The manner in which Louis van Gaal has united the world's most famously fractious dressing room has impressed many in the game. In a World Cup that has proven too hot to handle for England, Italy, Portugal and 2014 champions Spain, the Netherlands have cruised into the last eight. And they have done it by playing as a team.
What's more, Van Gaal's team have shown cohesiveness, tactical versatility and guts on their way to the World Cup quarter finals. Those are three things that Manchester United sorely lacked throughout last season, and their presence at Old Trafford will be more than welcome.
In some quarters, it is said that United would like to see their man at Old Trafford sooner rather than later. However, that is a calculation from the accountants. The idea that Van Gaal's earliest arrival would help United's preseason is theoretically sound. But it doesn't account for reality.

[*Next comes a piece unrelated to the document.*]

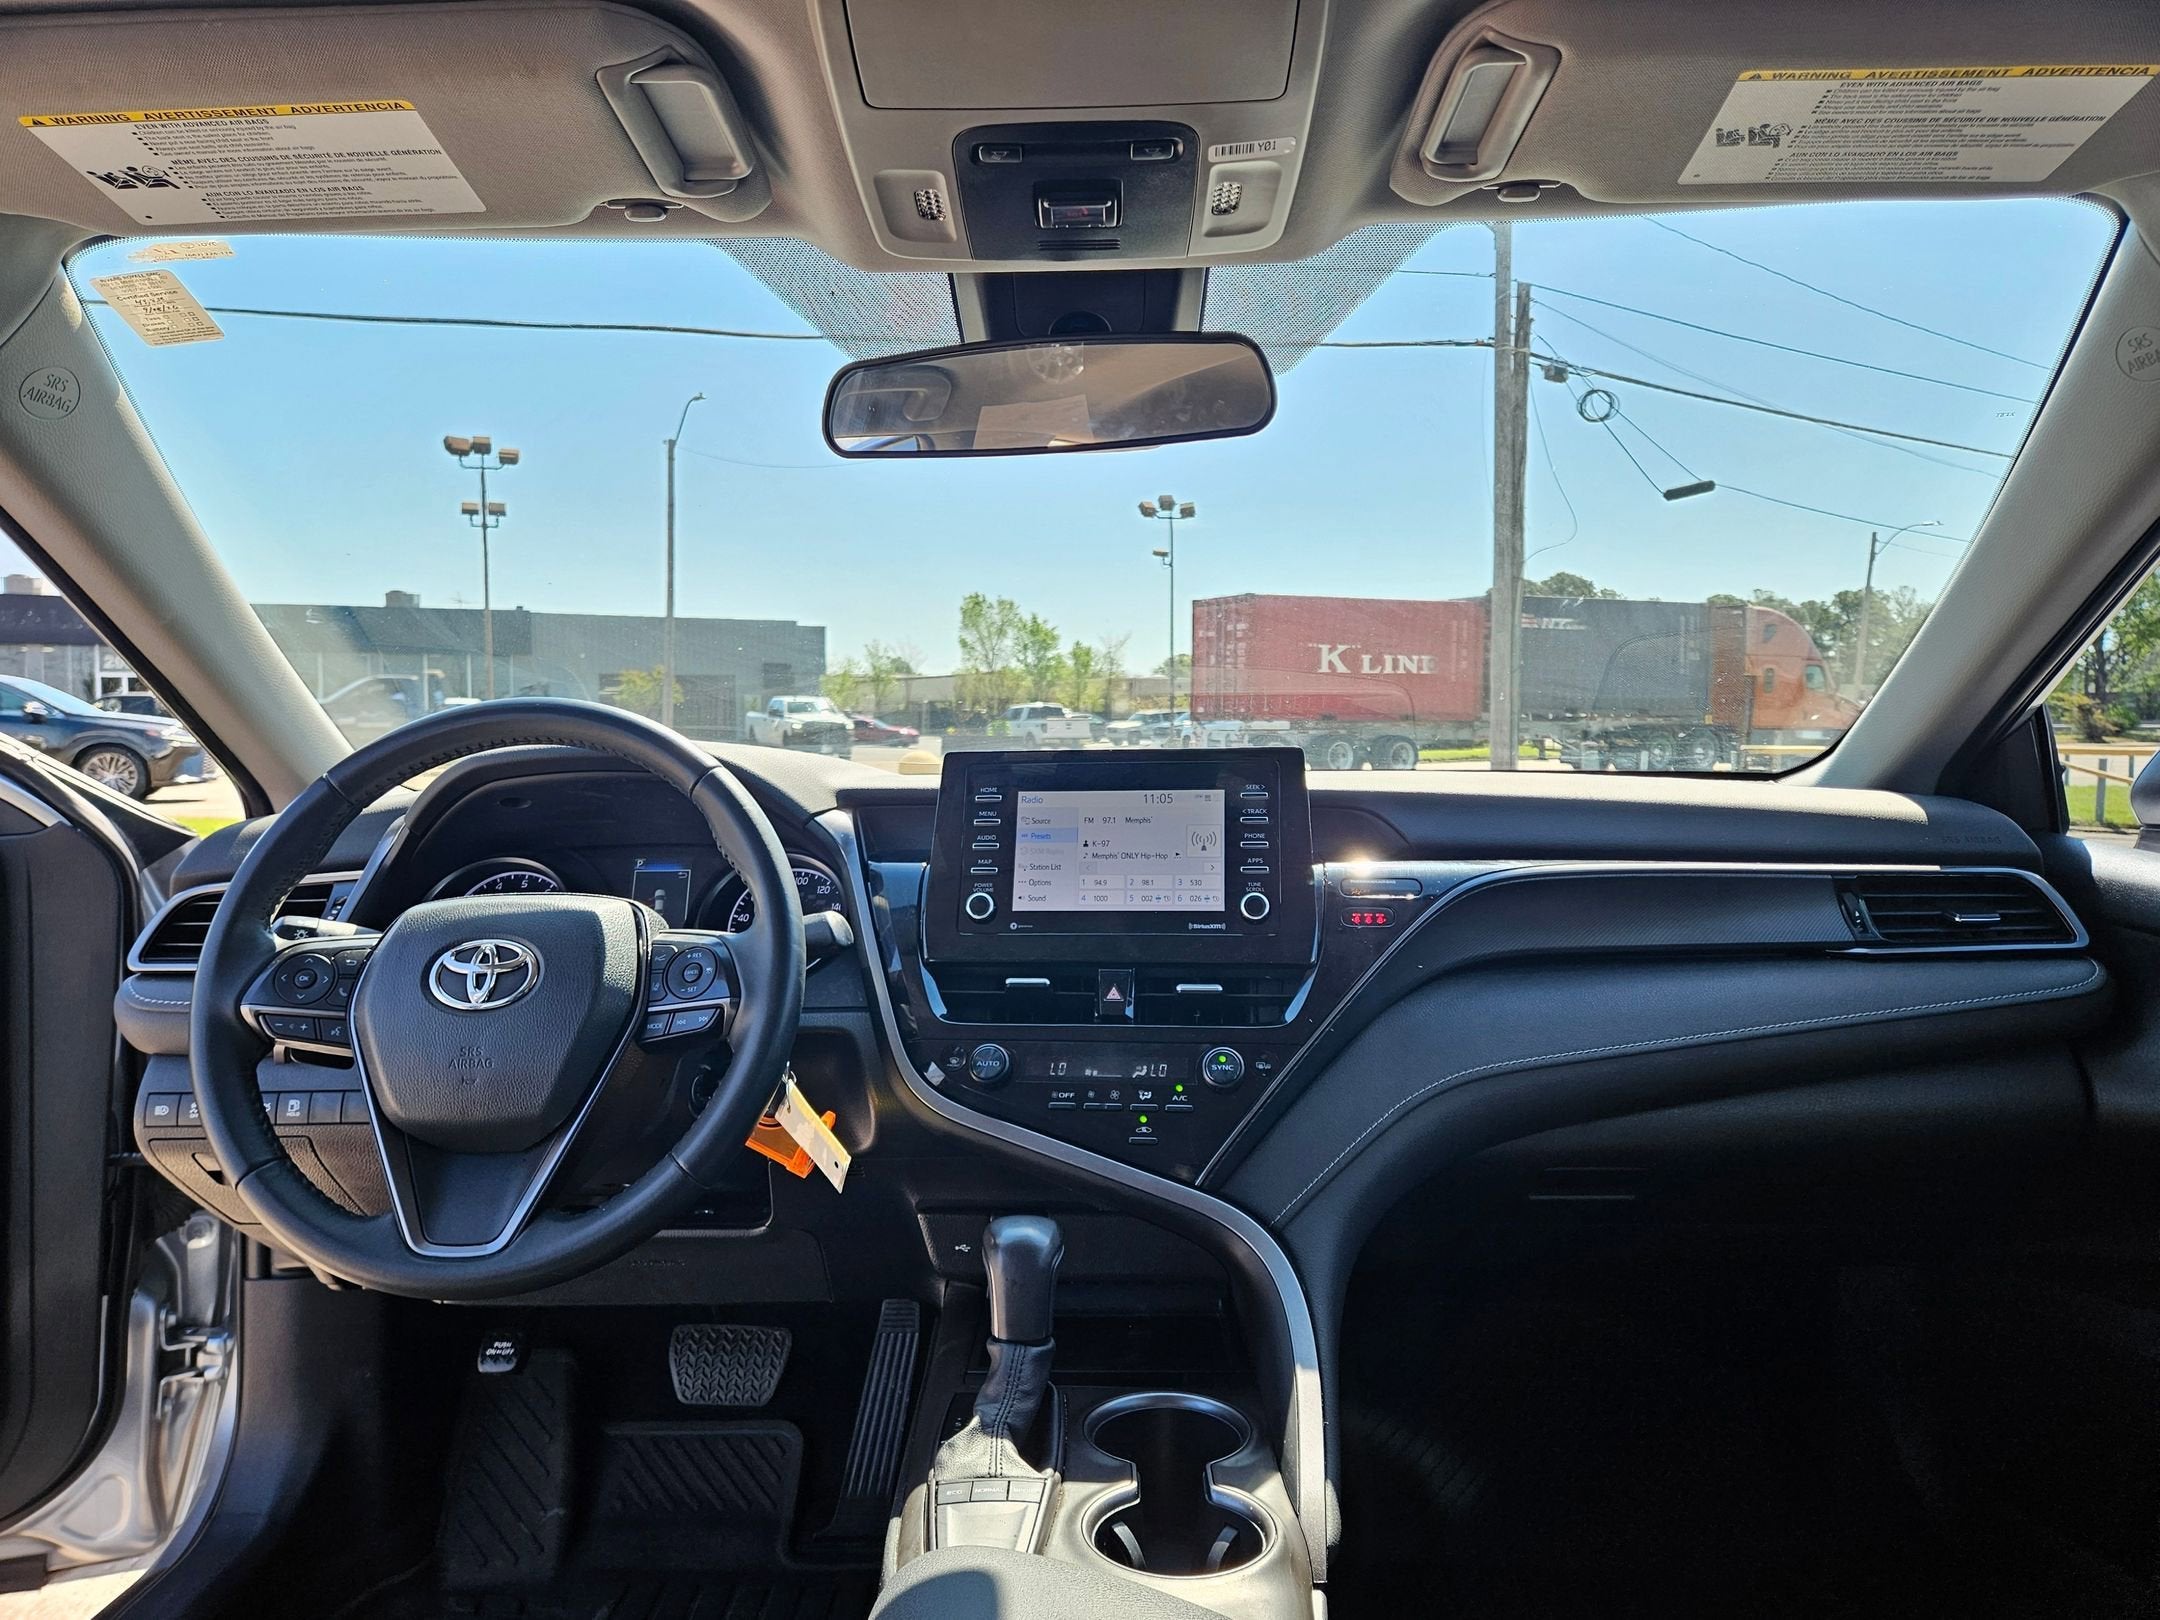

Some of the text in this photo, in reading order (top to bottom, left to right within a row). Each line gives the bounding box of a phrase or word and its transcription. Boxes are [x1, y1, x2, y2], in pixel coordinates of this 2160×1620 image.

To have the new manager arrive on the back of a glorious World Cup run would be far more beneficial. If David Moyes had trouble winning the respect of some of the more experienced corners of the dressing room, Van Gaal's dismembering of Spain is bound to shut them up. The further the Netherlands go, the better in terms of the United dressing room.
At home, United's rivals are strengthening. Liverpool are on the way to losing Luis Suarez and have signed Adam Lallana to bolster their squad. Given the difference in quality between those two, if United don't overtake them next season, their heads must hang in shame.
Chelsea are the club spending serious money wisely and, with Jose Mourinho lurking around, they could well be the early pacesetters in August. United's game against the Blues at Old Trafford on October 25th will be an important marker for United under the new man.
Since the England squad returned home, transfers have started to move more fluidly. Considering Van Gaal's connections in Dutch and German football, as soon as the teams of these two nations return, United can be expected to make further signings.
In the meantime, Sporting Lisbon's football director Augusto Inacio has chosen Wednesday to talk about the cost of William Carvalho. The 22-year-old midfielder is rumoured to have a buyout clause for £37 million that a potential suitor would have to meet. That is a lot of money for such a young player. But if Suarez is worth £80 million and Gareth Bale even more, then why not?
Whoever United bring in between now and the end of the summer, it is hoped that they can fit into a functional eleven quickly. Introducing so many players simultaneously can be problematic and disruptive; Van Gaal will need his wits about him during his first weeks at the club.
For the time being, the Netherlands will meet Costa Rica this weekend, seemingly the most desirable opponent of the round. Further progression is expected of the Oranje, and expectations at Old Trafford mount with every game they win.